Republican presidential hopeful Mike Huckabee criticized President Barack Obama for the display at the White House, which had been lit up up in rainbow colors on Friday night, the Citizen-Times noted.

"If I'm in the White House, you will not see the rainbow colors posted," the former Arkansas governor promised the crowd at a campaign event on Monday at a restaurant in Asheville, a city known to have a large gay-friendly population, according to the newspaper.

Huckabee argued that the Supreme Court overstepped its bounds in Obergefell vs. Hodges and that proponents of same-sex marriage should have made their case through the legislative process.

"When the courts, by the slimmest of margins, make a decision that they make -- pulling something out of thin air that is never mentioned in the Constitution -- it really creates a situation where I would ask, 'If, in a few years, you have a court that narrowly decides the other way, will people celebrate the same?'" Huckabee wondered. "I doubt they will."

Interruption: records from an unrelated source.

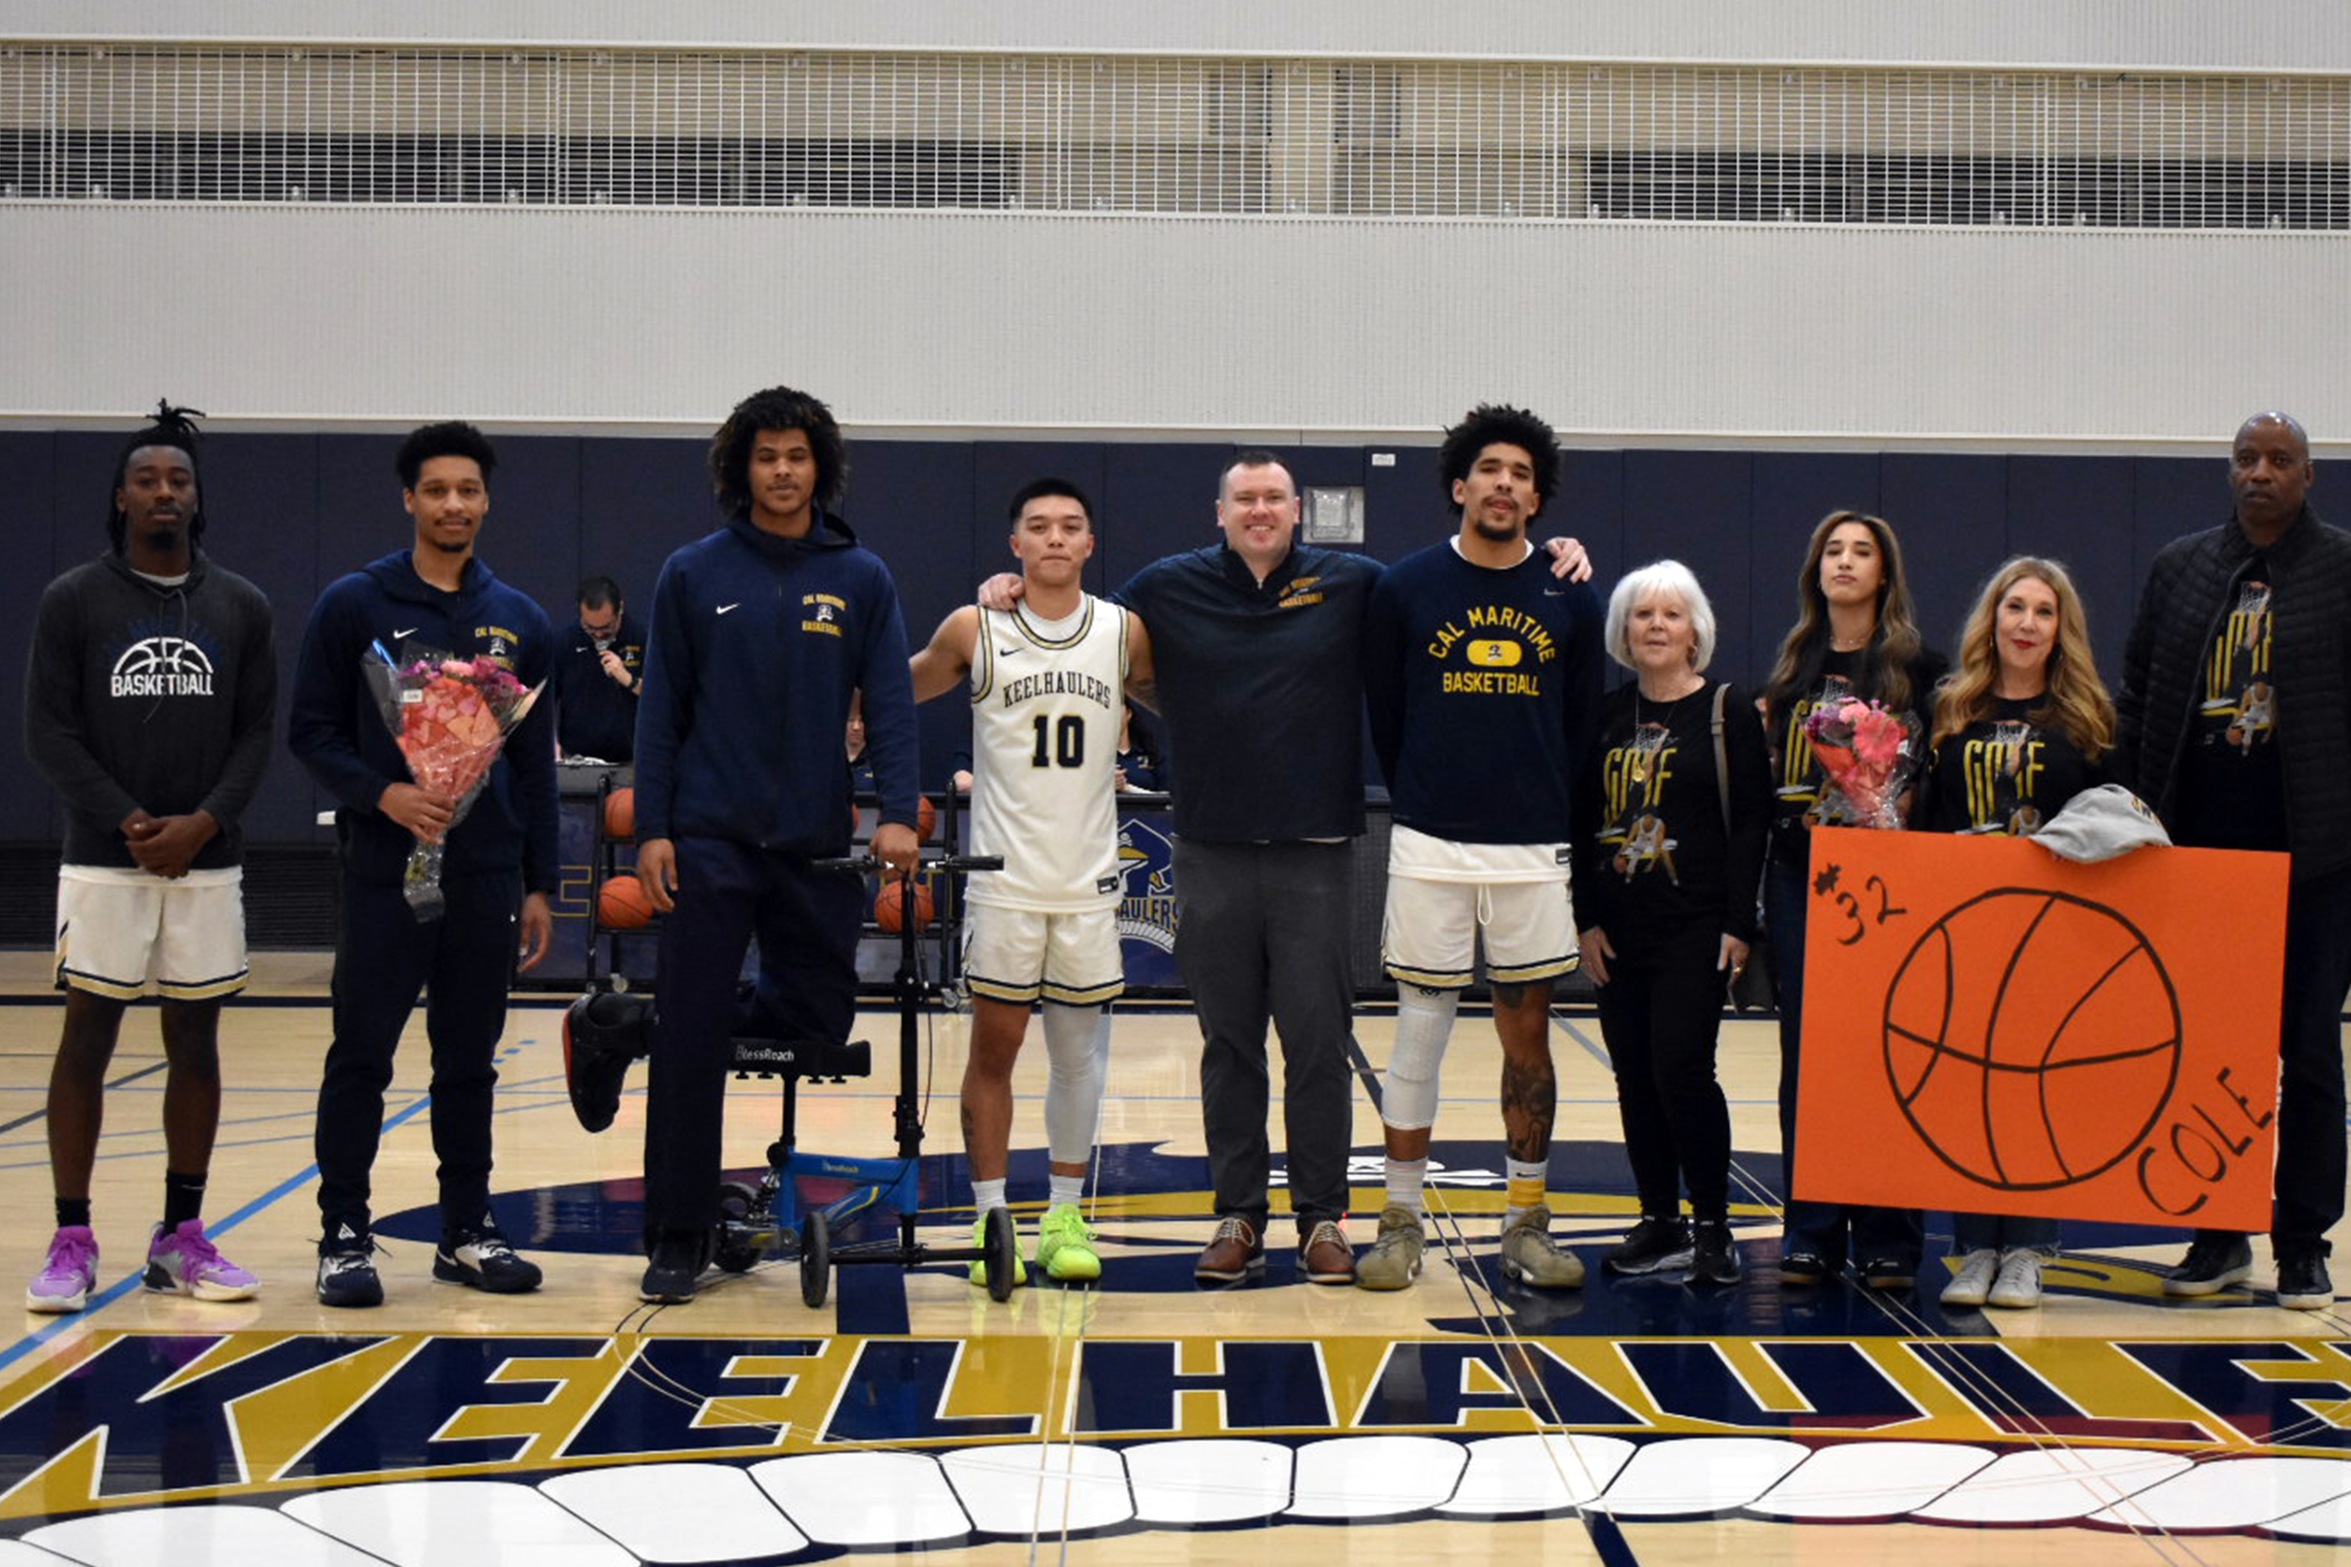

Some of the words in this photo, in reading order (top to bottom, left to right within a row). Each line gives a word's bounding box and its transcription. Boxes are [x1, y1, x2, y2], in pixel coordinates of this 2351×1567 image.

[1428, 621, 1466, 659] CAL
[1467, 605, 1556, 663] MARITIME
[110, 673, 214, 697] BASKETBALL
[1003, 670, 1112, 710] KEELHAULERS
[1443, 671, 1540, 697] BASKETBALL
[1032, 713, 1084, 769] 10
[1812, 862, 1907, 946] #32
[2137, 1066, 2273, 1216] COLE
[0, 1333, 2351, 1500] KEELHAULE

While perturbed by the White House display, Huckabee was silent on the fact that more than 350 American companies had filed friend-of-the-court briefs urging the justices to strike down same-sex marriage bans, according to the Washington Post. After the verdict, Facebook -- one of the supporters -- offered its users a color-changing tool to celebrate the court's historic decision.

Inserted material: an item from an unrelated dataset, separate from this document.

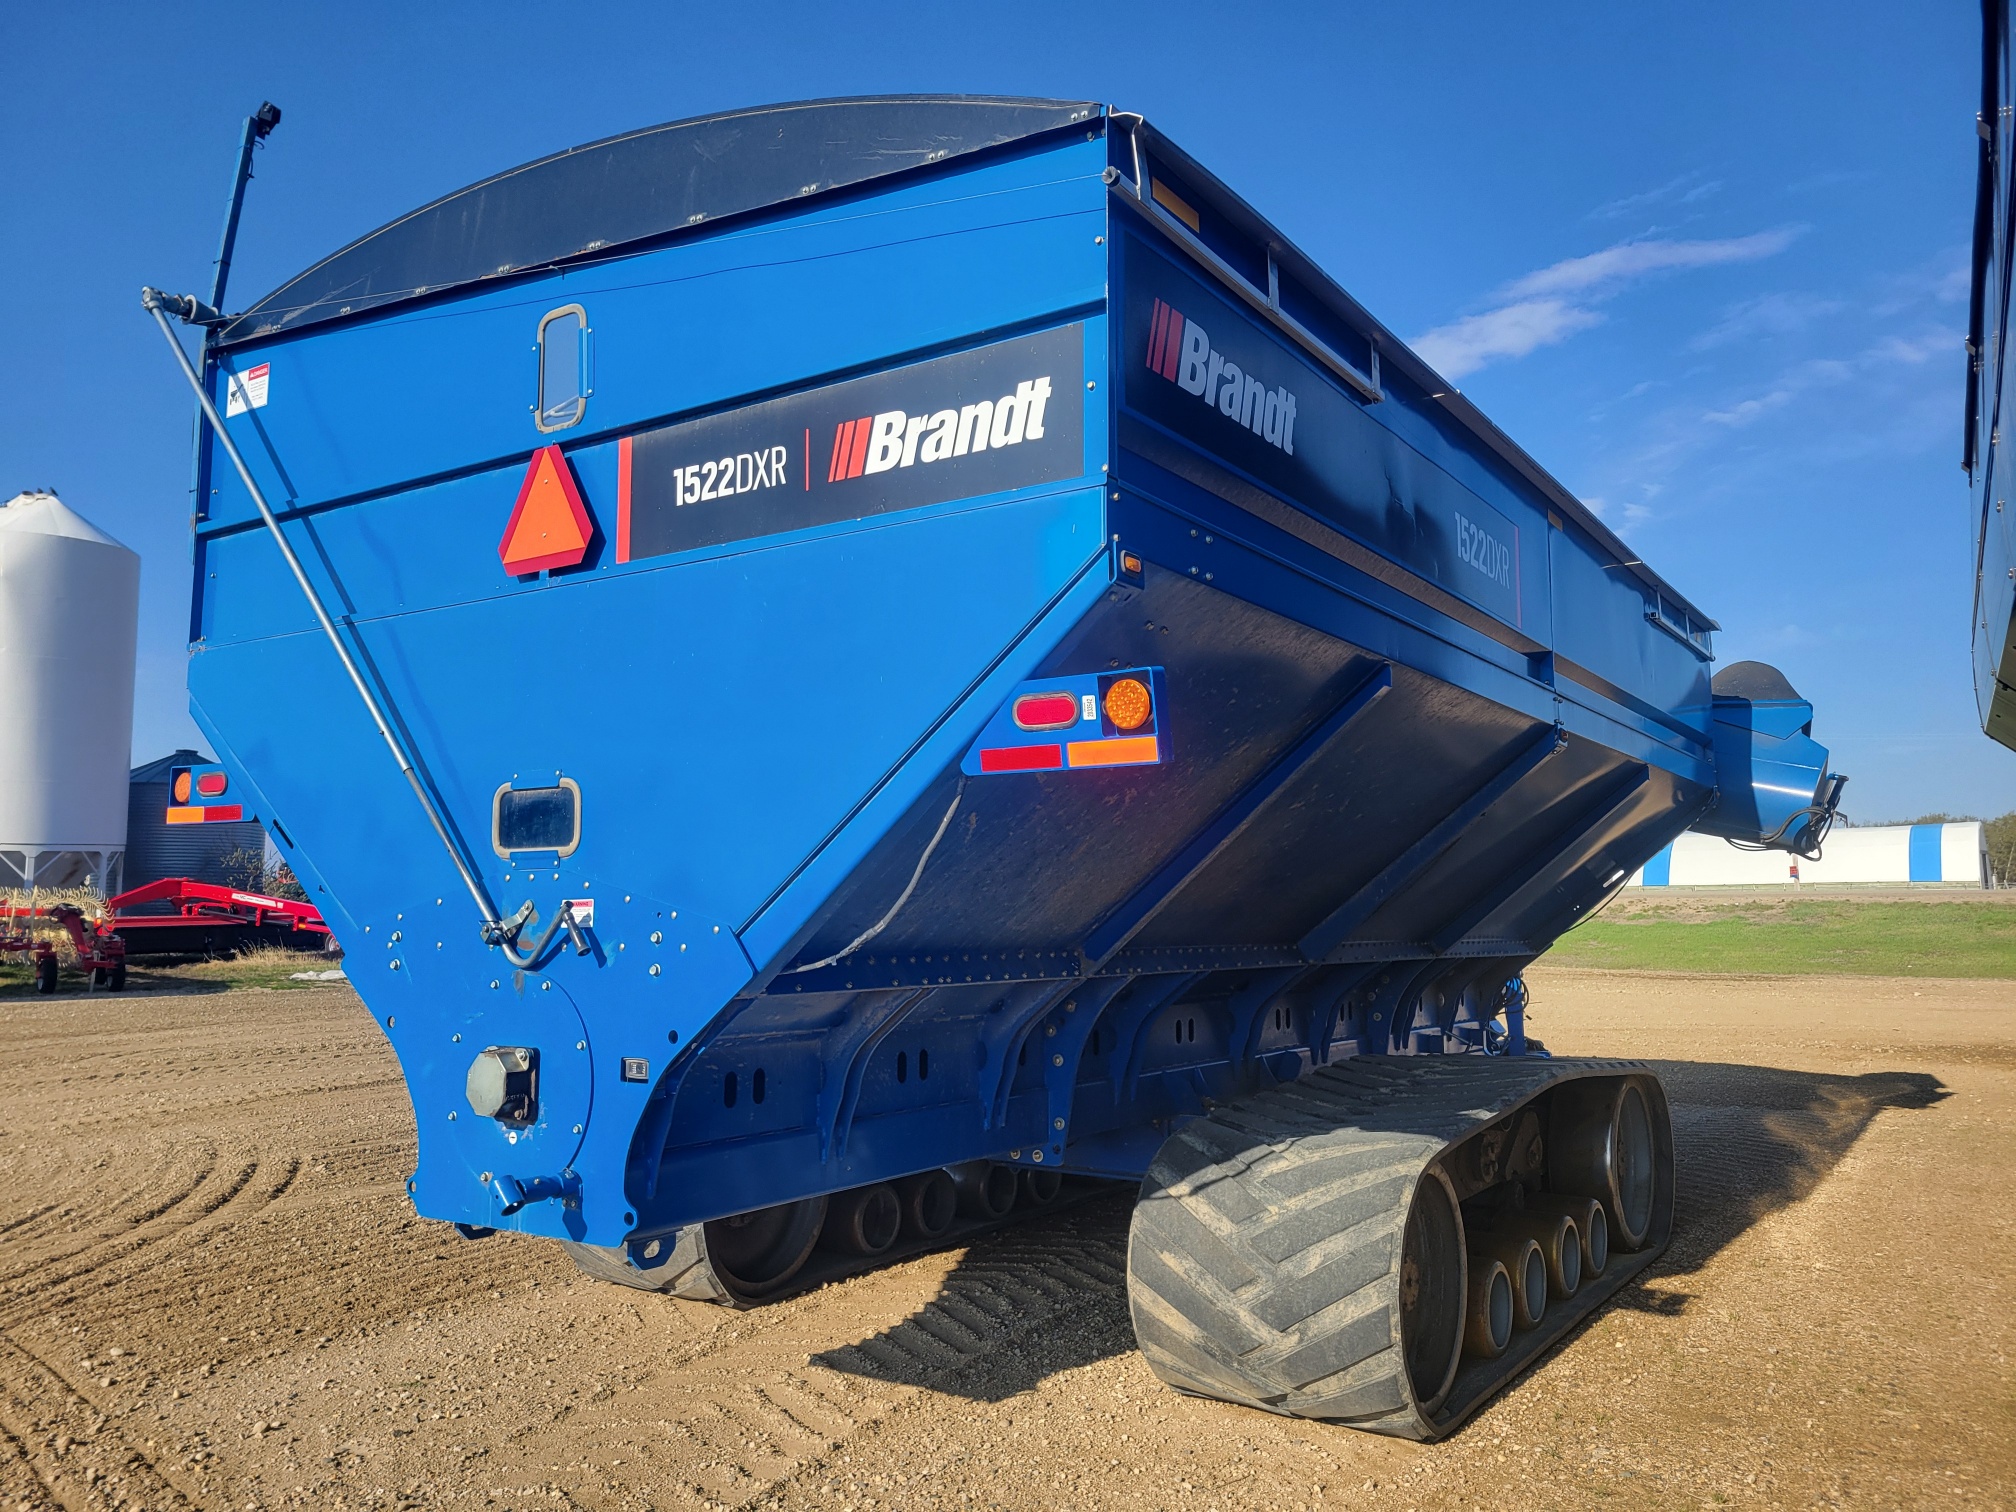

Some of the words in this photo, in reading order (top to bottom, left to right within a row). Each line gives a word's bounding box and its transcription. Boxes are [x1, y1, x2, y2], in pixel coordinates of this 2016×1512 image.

But proponents of "traditional marriage" apparently also wanted to make their point on social media and received some help from RightWingNews.com, which provided a tool to give Facebook profile pictures a translucent Stars and Stripes overlay, the Independent noted.

"Want to counter the Rainbow Flag FB profile pic? American Flag your Facebook profile," one early adopter tweeted, according to the British newspaper.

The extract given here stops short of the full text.